If you needed proof of this thesis — other than the contents of op-ed pages and wire features — then look no further than the latest political/media comeback by former President Jimmy Carter.
I have followed Carter for decades (I was a Carter volunteer at Baylor University in 1975-76), which is understandable since it’s impossible to report on the role of “born again” Christians in American political life without paying close attention to what Carter believes and when he believed it. He inspired many, many “moderate” Baptists and other evangelicals to take politics seriously.
Here’s a question I have asked for several decades now: Name another American politician — Republican or Democrat — who was willing to cost himself support within his own party by taking a critical stance, of any kind, on abortion. To this day, Carter’s language on abortion makes his party’s leadership nervous (see his remarks last year at Liberty University).

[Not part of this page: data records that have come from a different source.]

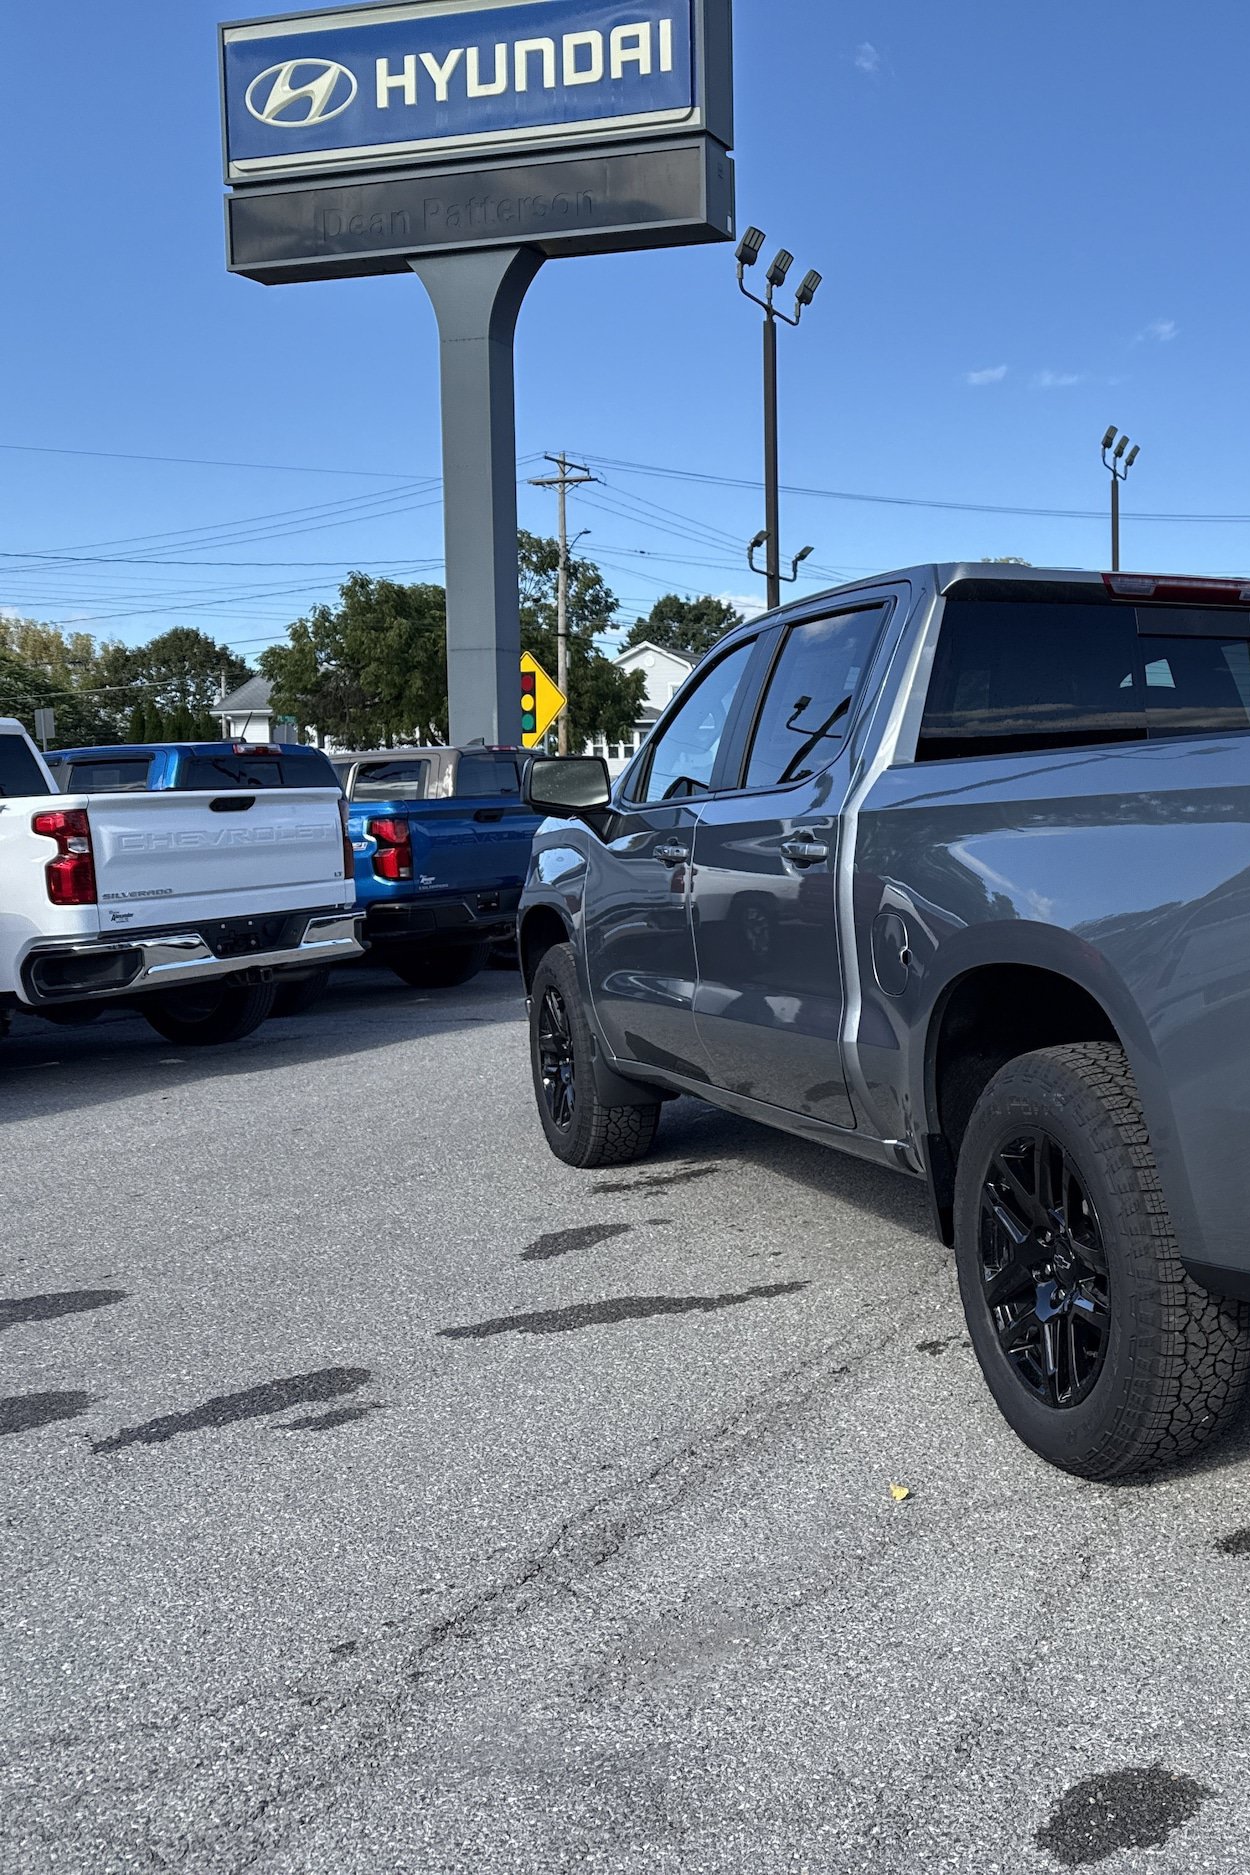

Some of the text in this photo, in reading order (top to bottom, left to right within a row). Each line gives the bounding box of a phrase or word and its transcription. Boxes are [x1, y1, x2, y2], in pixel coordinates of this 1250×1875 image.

[375, 18, 672, 109] HYUNDAI
[323, 189, 594, 242] Dean Patterson
[118, 824, 332, 850] CHEVROLET
[102, 888, 173, 900] SILVERADO
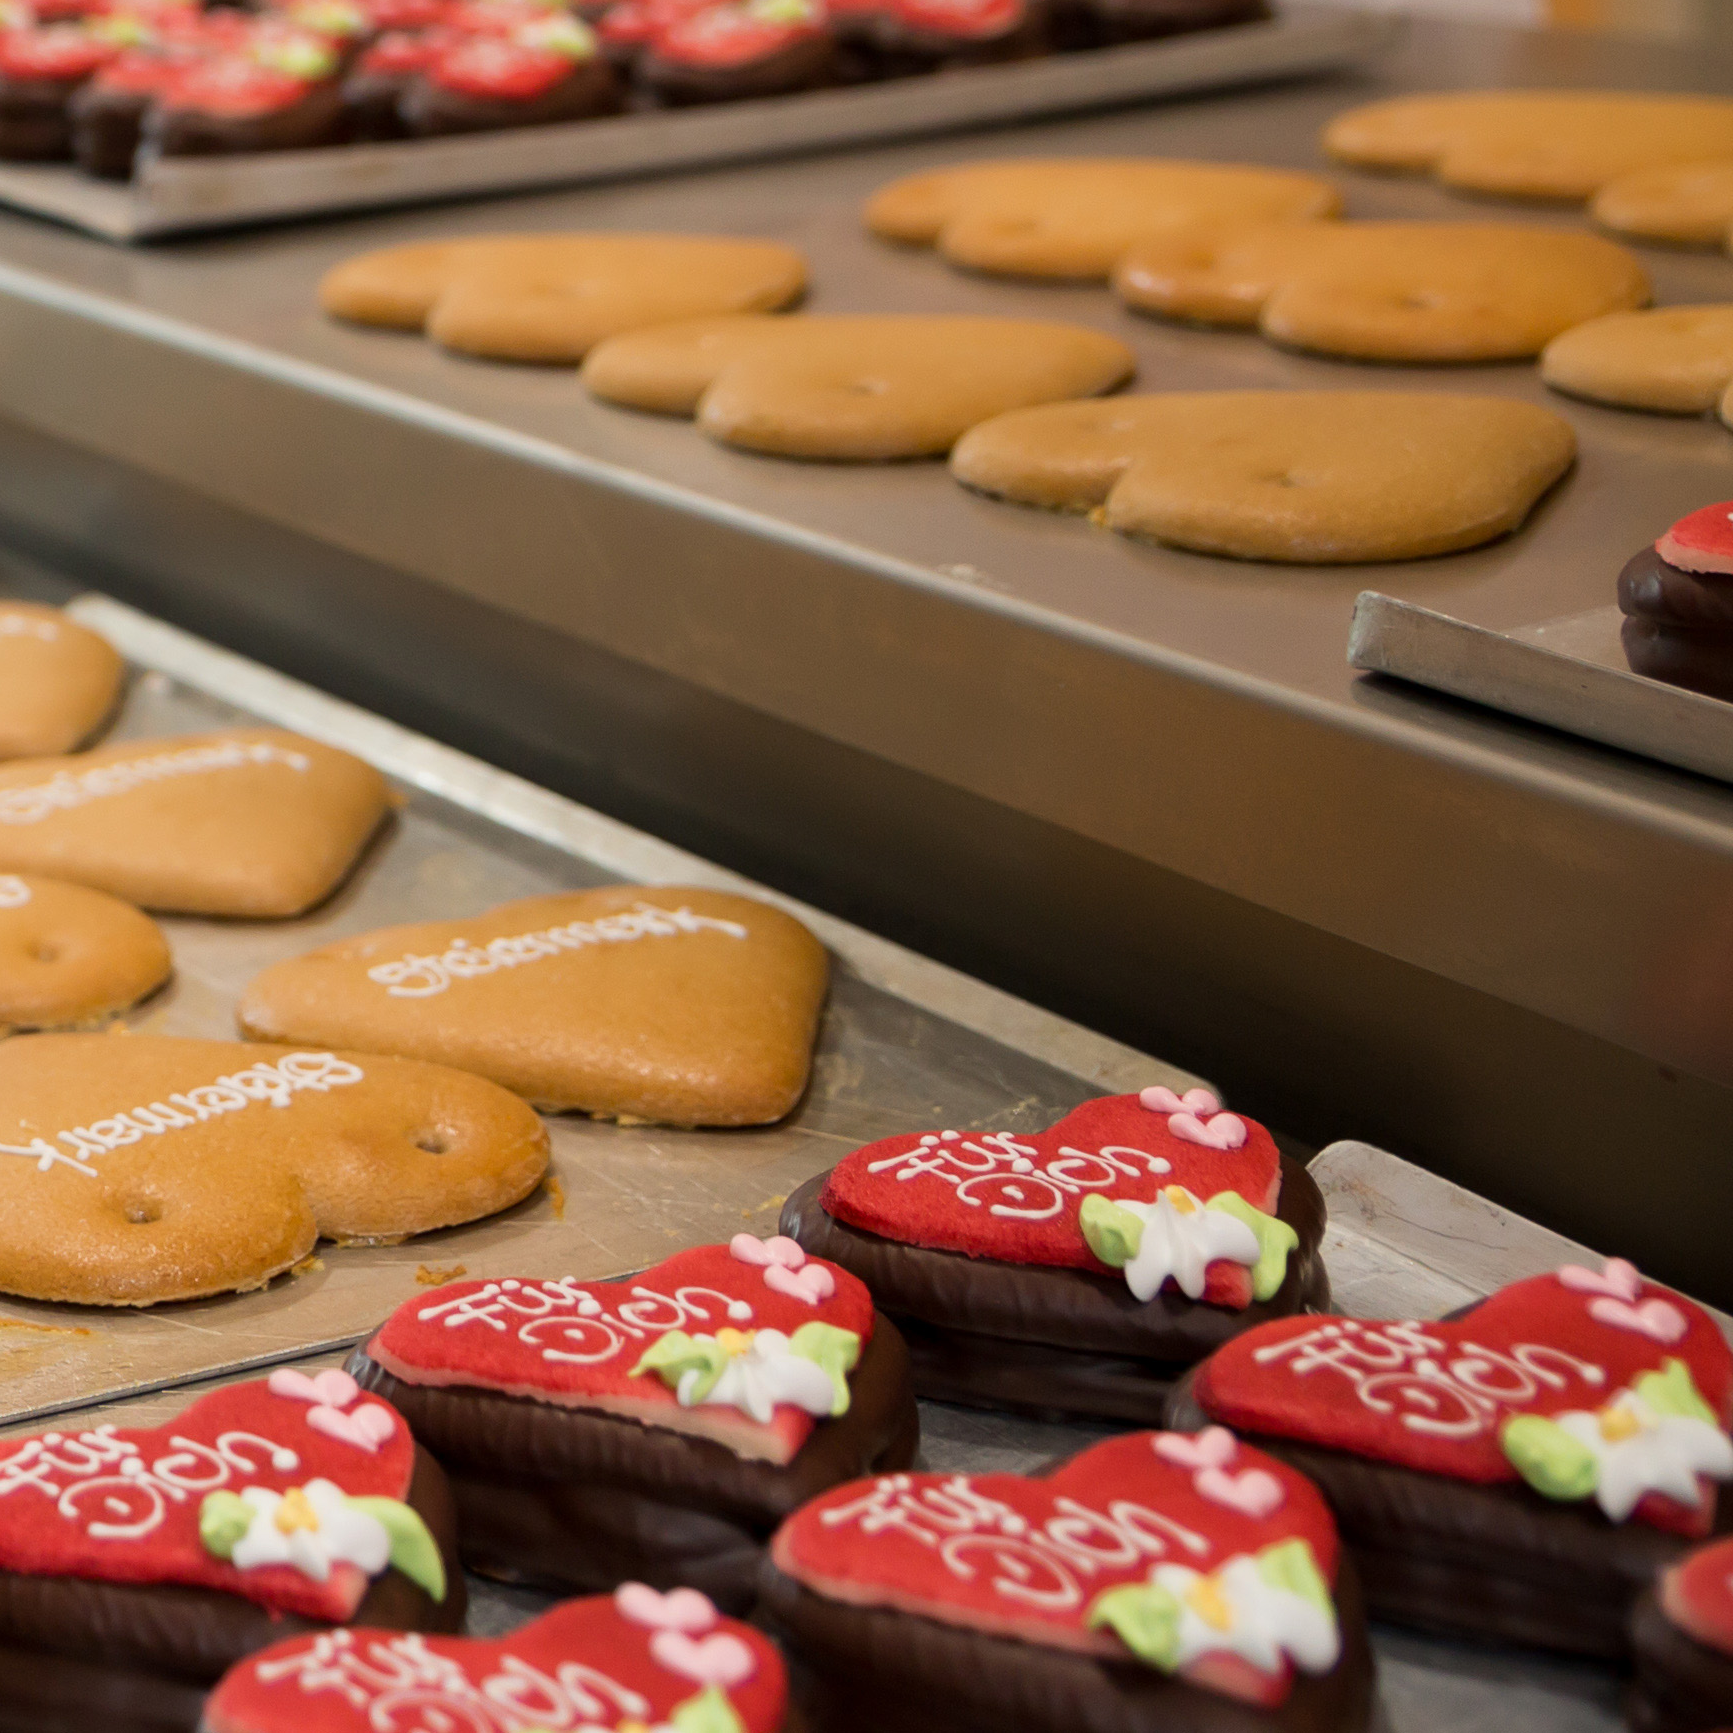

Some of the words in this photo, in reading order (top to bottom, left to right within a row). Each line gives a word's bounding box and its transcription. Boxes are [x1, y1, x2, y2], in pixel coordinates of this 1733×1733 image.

[367, 902, 748, 997] Steiermark
[866, 1129, 1039, 1185] Für
[417, 1274, 593, 1331] Für
[1253, 1320, 1446, 1381] Für
[819, 1474, 1013, 1547] Für
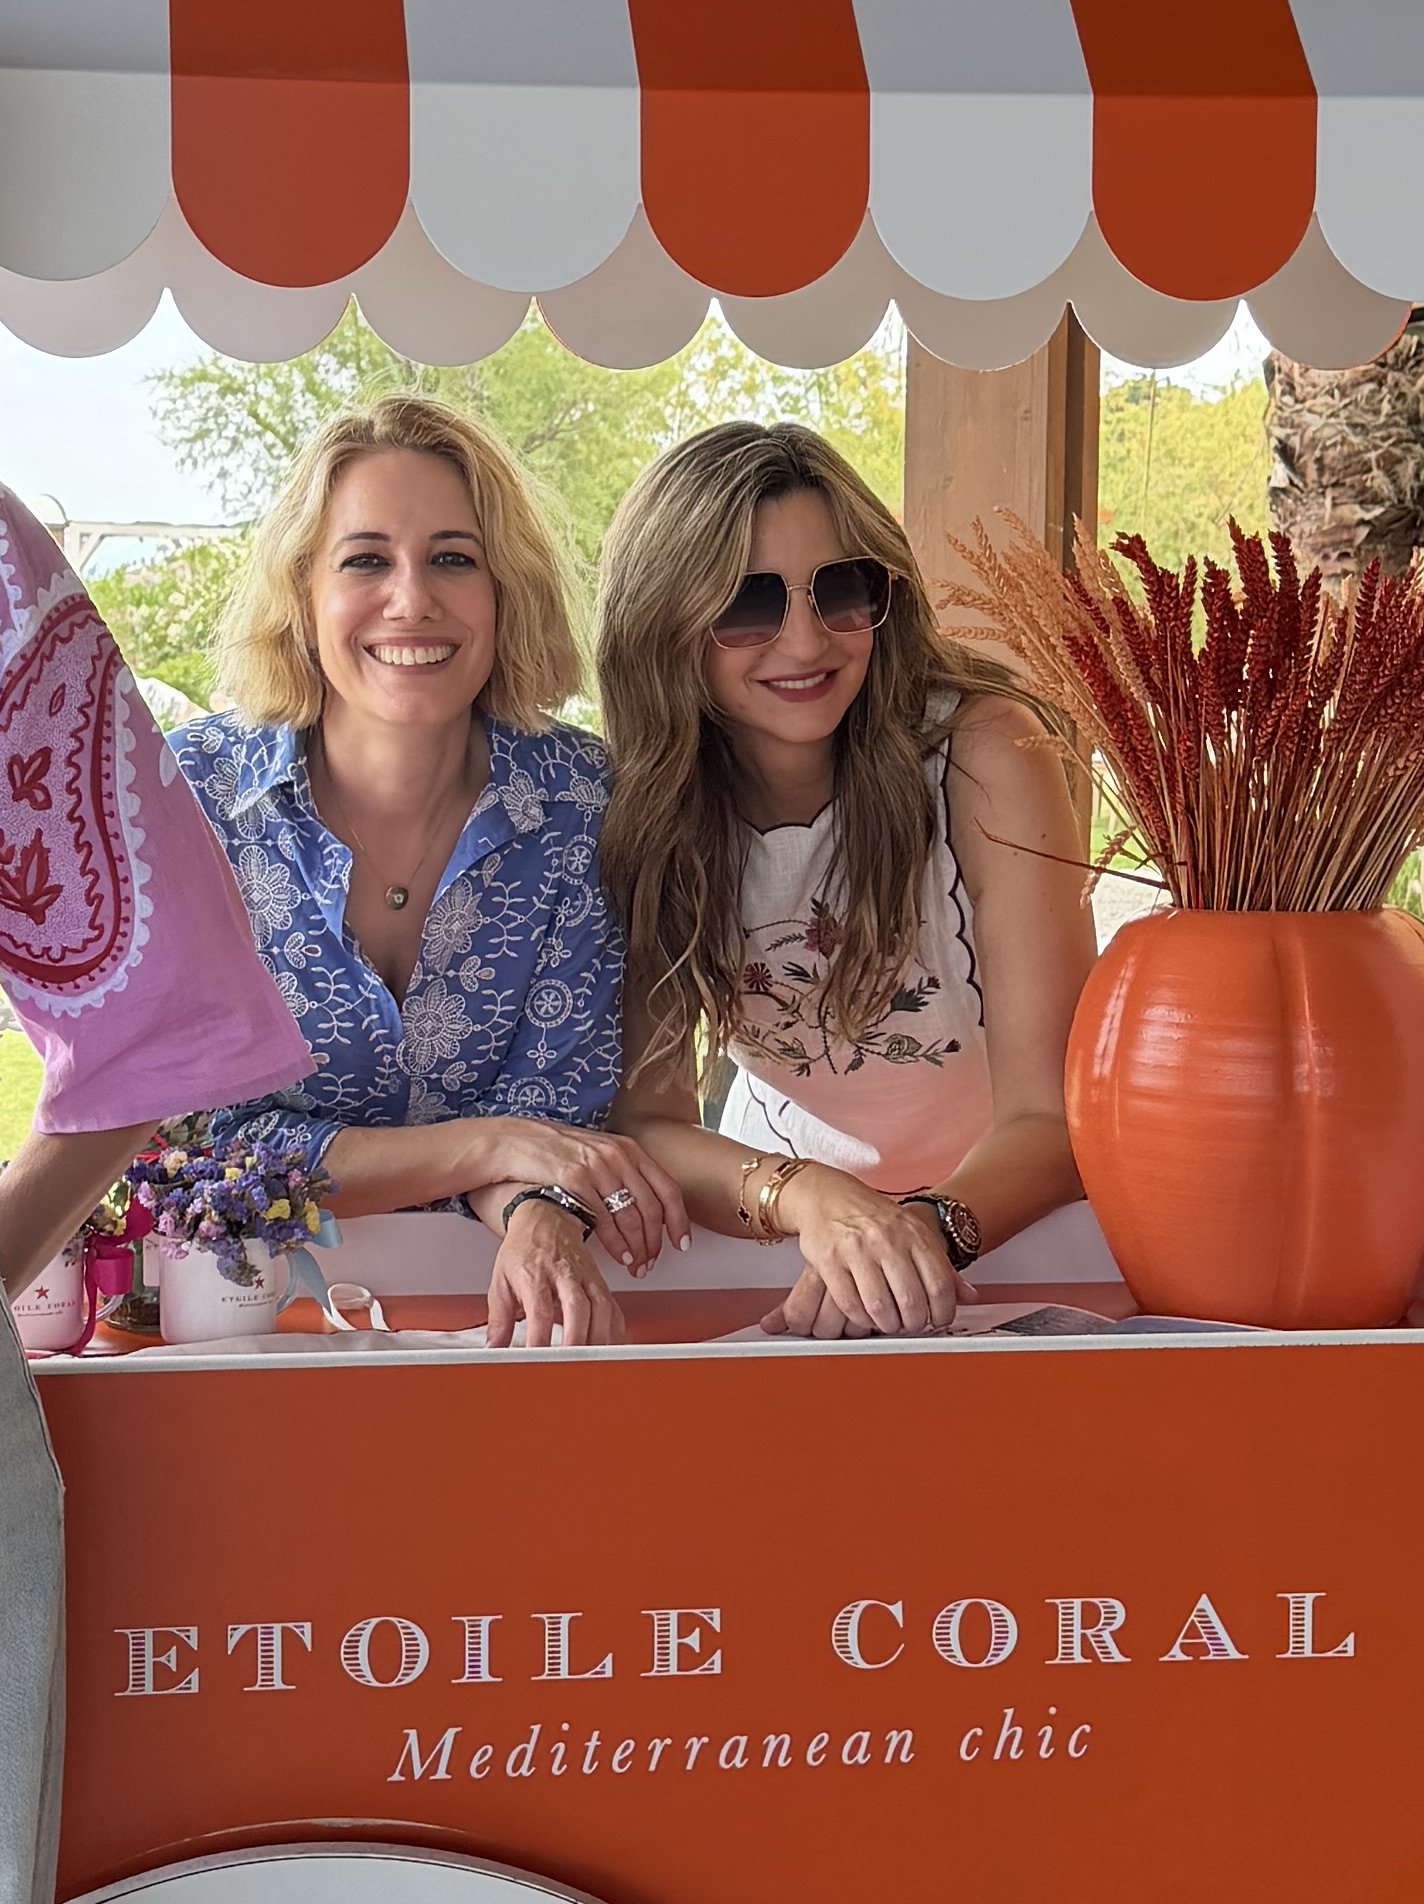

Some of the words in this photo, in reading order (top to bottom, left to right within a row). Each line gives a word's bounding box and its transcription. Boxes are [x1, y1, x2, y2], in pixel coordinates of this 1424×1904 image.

But the former president has certainly evolved on other crucial doctrinal issues. What role has this played in his current popularity with Democrats and, thus, with the press?
Consider this recent feature from the Associated Press: “Jimmy Carter finds a renaissance in 2020 Democratic scramble.” Here is the totally political overture:
ATLANTA (AP) — Jimmy Carter carved an unlikely path to the White House in 1976 and endured humbling defeat after one term. Now, six administrations later, the longest-living chief executive in American history is re-emerging from political obscurity at age 94 to win over his fellow Democrats once again.